Todo lo que podemos saber es la superficie de las cosas y las cosas incluyen a la gente. Yo sé todo sobre la resistencia del fenómeno. La cosa-en-sí misma no es –se da vuelta, levantando una mano resistente–. “Uh hermano –dice, casi riendo–, no necesito viajar todo este camino a Königsberg.”

Por un momento estoy sorprendido, después entiendo: Königsberg, casa de Kant, cazador de la cosa en sí misma; él está tratando de engañarme. Y, como si me hubiera leído la mente, dice: “Yo soy un hombre simple, o trato de serlo. Tarde descubrí que el ser humano, para mi grata sorpresa, me interesa lo suficiente como para darme ganas de escribir sobre él”.

Me pregunto en voz alta si la gente sobre la que escribo carece completamente de rasgos humanos. “Oh, ellos son humanos –él responde–, o, de cualquier modo, humanizados.

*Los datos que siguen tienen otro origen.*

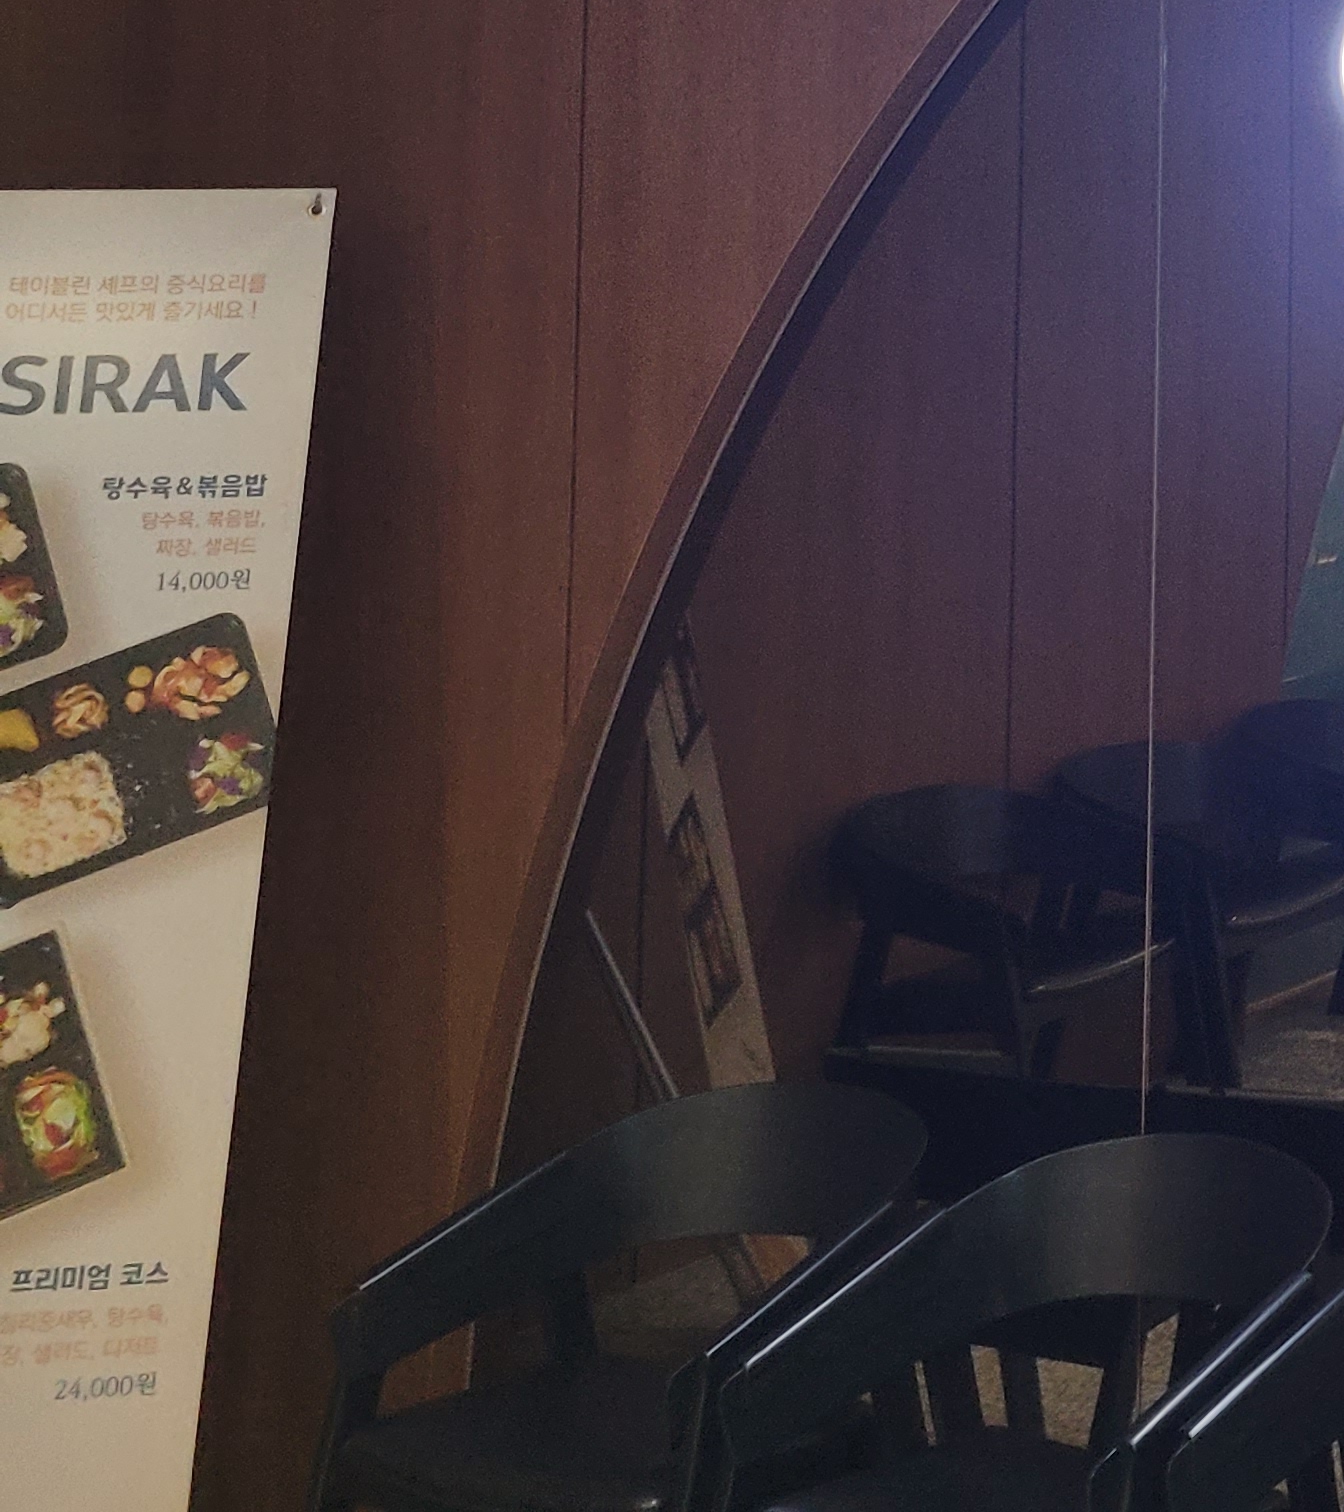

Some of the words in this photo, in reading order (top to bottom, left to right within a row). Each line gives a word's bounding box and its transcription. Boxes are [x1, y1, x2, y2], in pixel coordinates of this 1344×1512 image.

Pero ése no es su objetivo.”

¿Cuál es entonces? De nuevo esa sonrisa felina y llena de dientes.

“Decime vos.”

“Mirá –digo–, yo vine acá para hablar de Christine Falls, sobre Quirke, sobre vos.”

Niega con la cabeza:

“No, no lo hiciste”.

“¿Ehh?”

“Vos viniste acá para hablar de vos mismo. Hiciste un gran trabajo de eso. Ahora, ¿qué te parece un trago?”